I'm avoiding the TV this week. Just seeing the CNN coverage on mute at the gym was more than enough... though the few minutes of Reagan's speech at the 1992 "Culture War" Republican convention in Houston on C-SPAN last night was pretty interesting. I felt like I've seen Reagan's face caricatured and cartooned so many times that it was almost difficult for me to process seeing the real thing.
Anyway, the best assessment of the man's life and legacy I've yet seen is this piece by William Rivers Pitt. A taste:
Reagan was able, by virtue of his towering talents in this arena, to sell to the American people a flood of poisonous policies. He made Americans feel good about acting against their own best interests. He sold the American people a lemon, and they drive it to this day as if it was a Cadillac. It isn't the lies that kill us, but the myths, and Ronald Reagan was the greatest myth-maker we are ever likely to see.
It's a devastating piece of rhetoric: Pitt starts with a well-deserved salute to Reagan's farewell from public life, the 1994 letter in which he revealed he was suffering from Alzheimer's disease. Then he adds a personal note about a relative who similarly saw her life eroded by that disease. Then he unloads with a critique far more effective for the kind words he preceded it with.

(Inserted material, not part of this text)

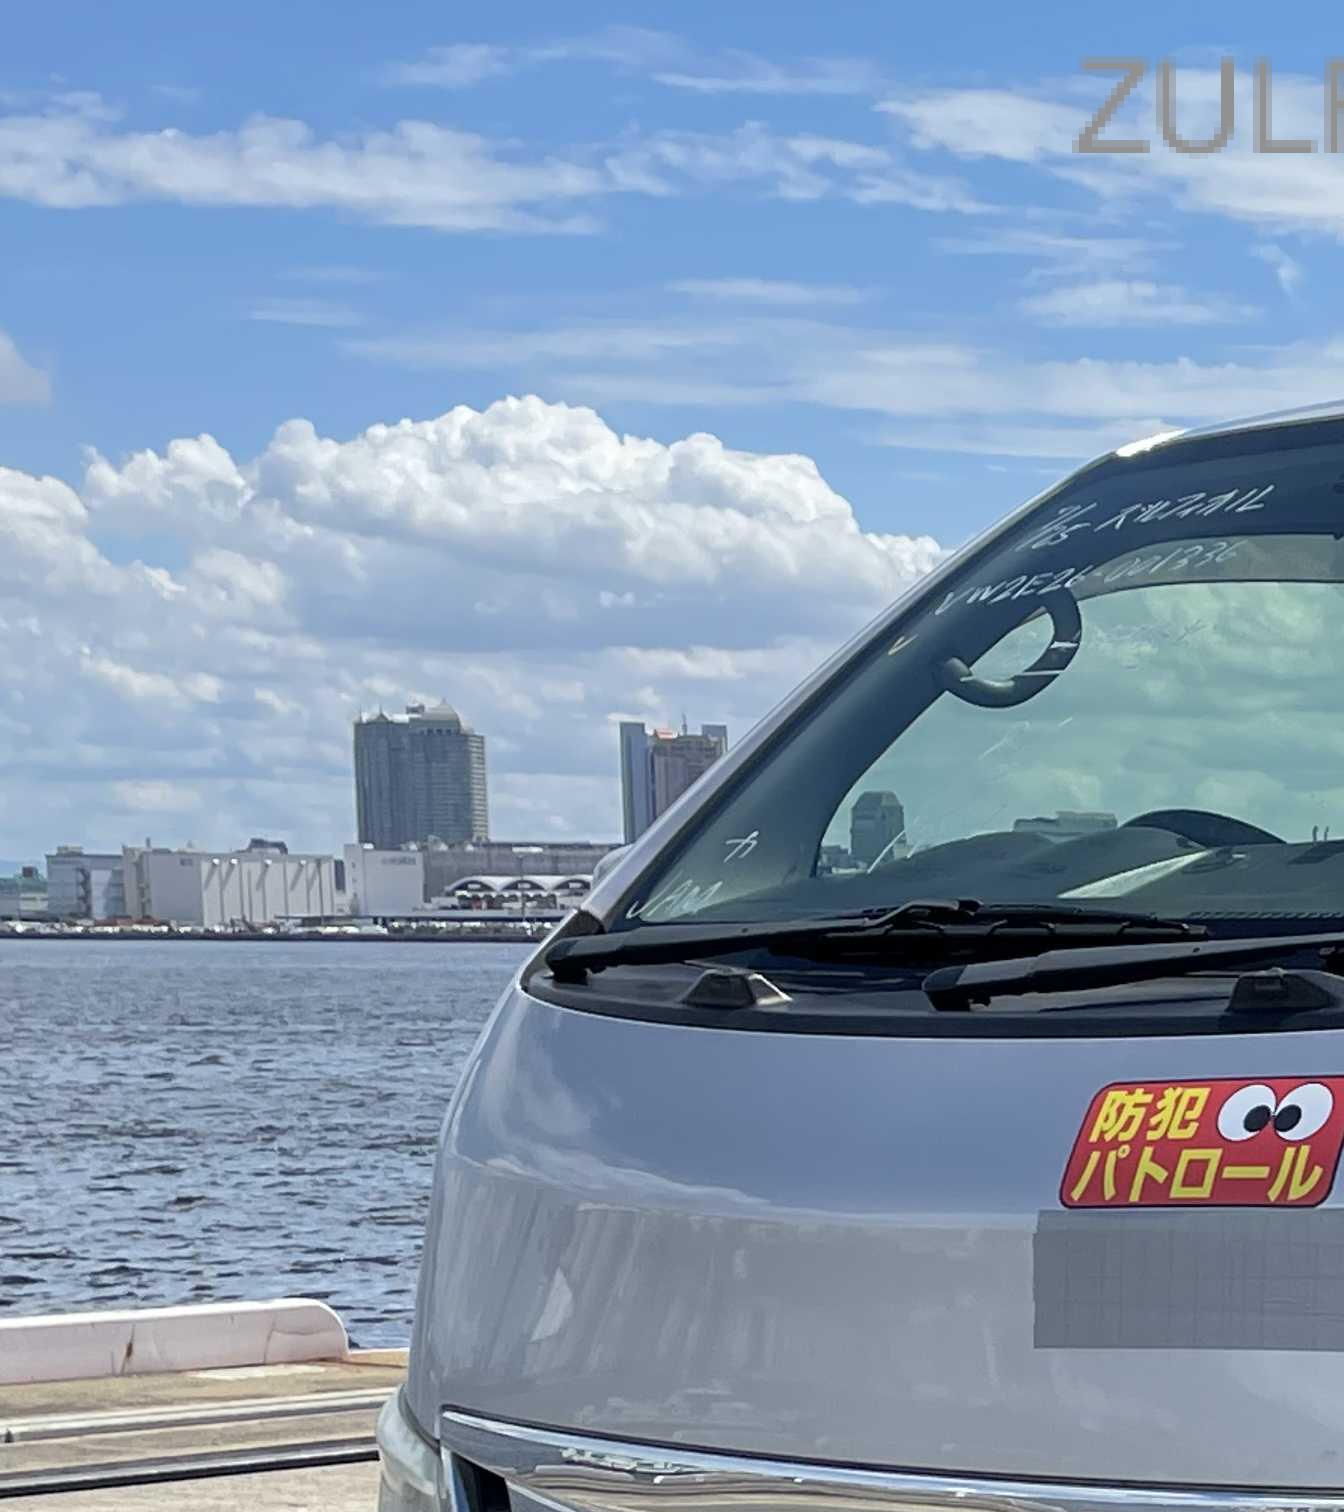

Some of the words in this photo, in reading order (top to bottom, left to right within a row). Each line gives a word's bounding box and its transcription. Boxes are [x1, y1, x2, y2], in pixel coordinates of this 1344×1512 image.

[1088, 1086, 1212, 1144] 防犯
[1070, 1145, 1325, 1203] パトロール

(Another Reagan song worth giving a listen: "If Reagan Played Disco," by the late, great Minutemen.)
Meanwhile, with the campaign suspended for the week and the Phillies too phrustrating for me to really say anything coherent or useful about them, not sure what will show up on the blog this week. This might temporarily turn into Dave's Movie Moot-a-thon, as I've seen more films than Phillies wins over the last couple weeks (admittedly, that's not saying much).